Illustration: Aïda Amer/Axios
Congress says it's trying again to pass legislation protecting patients from surprise medical bills, but it doesn't appear to have resolved any of the fights that derailed the effort late last year.
The big picture: Surprise billing is the unique issue that splits lawmakers not by party, but by which industry group — insurers or providers — they sympathize with more. And both industries are fighting hard for their favored solution.
Driving the news: Two House committees released new surprise billing proposals on Friday, confirming that while everyone wants to prohibit surprise bills, there's still no agreement on how to resolve payment disputes between insurers and providers.
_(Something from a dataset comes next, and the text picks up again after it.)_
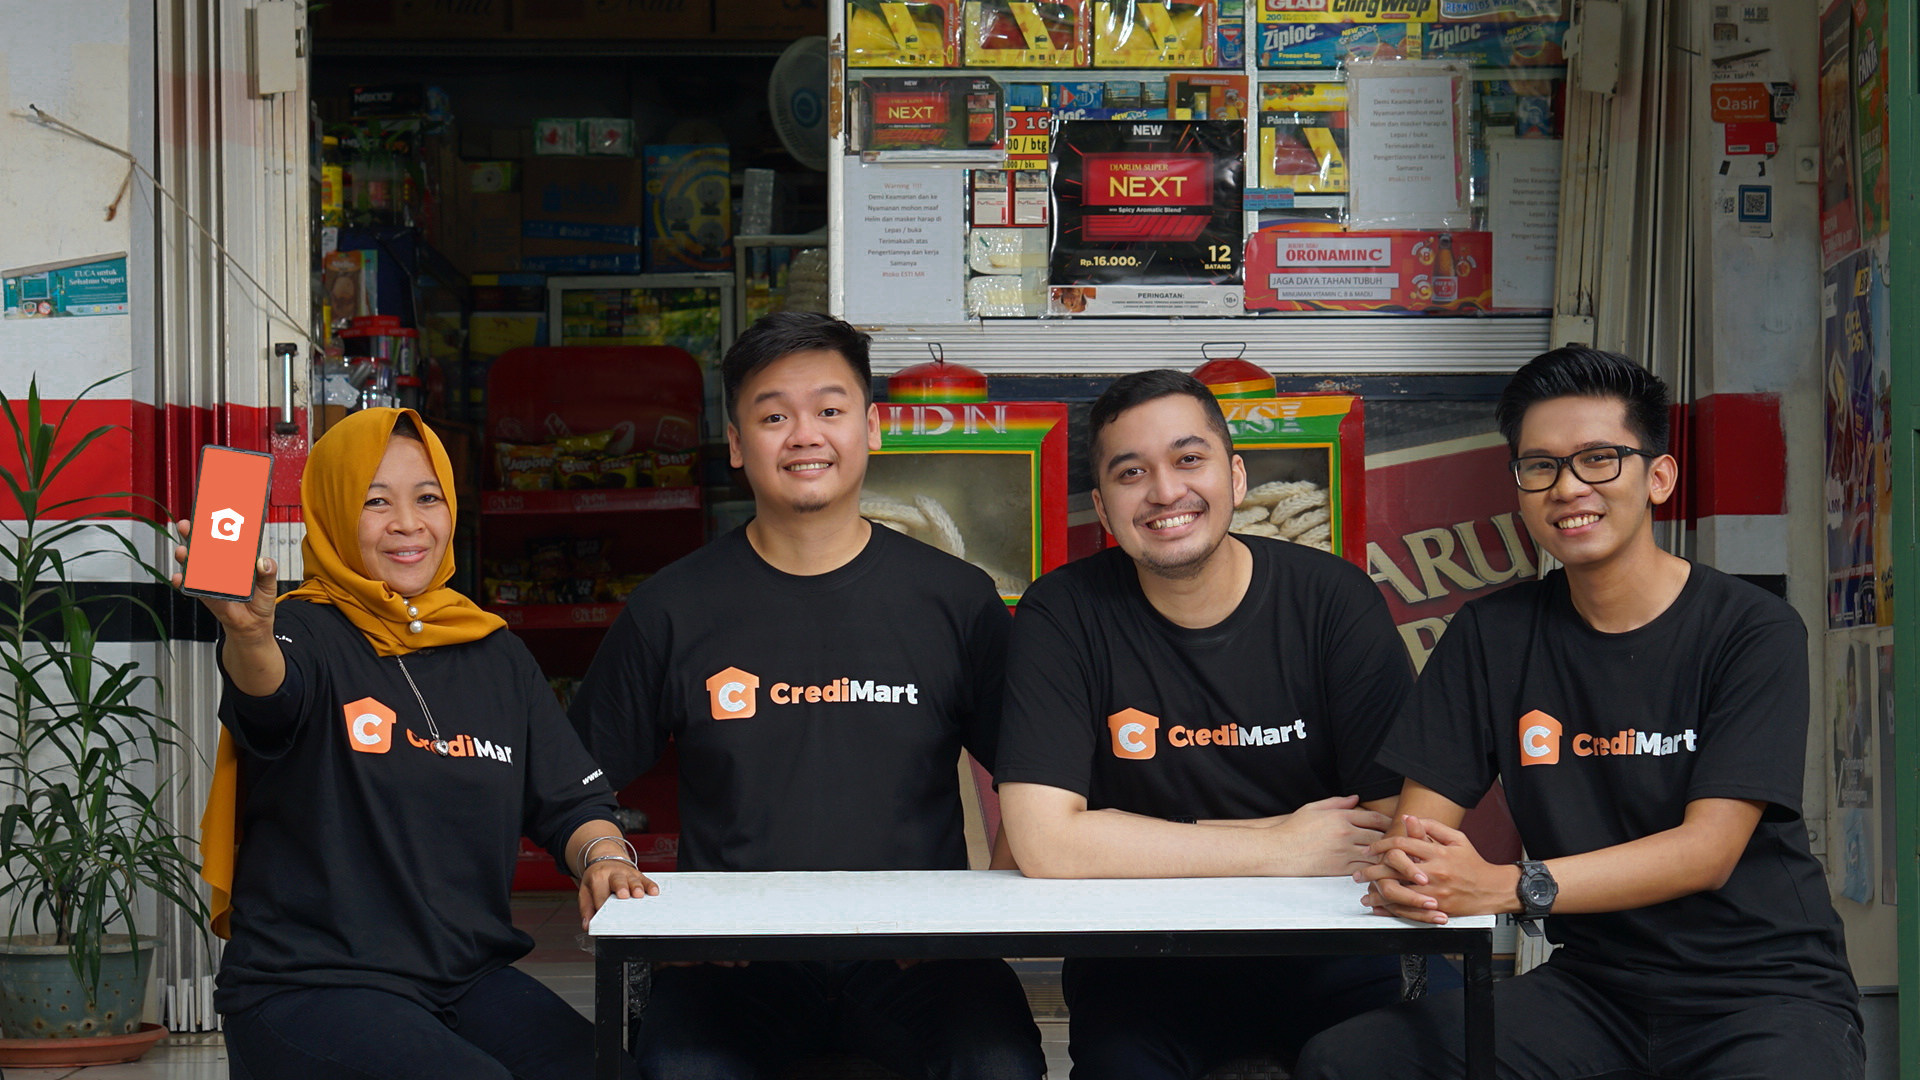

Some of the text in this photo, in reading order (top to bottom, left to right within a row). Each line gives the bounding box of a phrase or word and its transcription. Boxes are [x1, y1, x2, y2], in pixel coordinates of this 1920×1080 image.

- The Ways and Means Committee proposal includes a mediation process for when insurers and out-of-network providers can't agree on a payment rate, while the Energy and Commerce Committee's proposal from last year would decide payment rates using a blend of both arbitration and a benchmark.
- The Education and Labor Committee's proposal — also released Friday — is similar to the Energy and Commerce plan.
What they're saying: The industry responded predictably to Friday's news.
- The Coalition Against Surprise Medical Billing, a group representing employers, insurers and unions, blasted the two new proposals, while the Federation of American Hospitals released a statement in support of the Ways and Means plan.
- The groups' positions on the Energy and Commerce plan are reversed.
The bottom line: Lawmakers are faced with the same hard decisions that they punted in December, and industry groups aren't giving any indication that they'll make things any easier for members.
Editor’s note: This piece was corrected to give more details and more accurately characterize the Energy and Commerce Committee's proposal.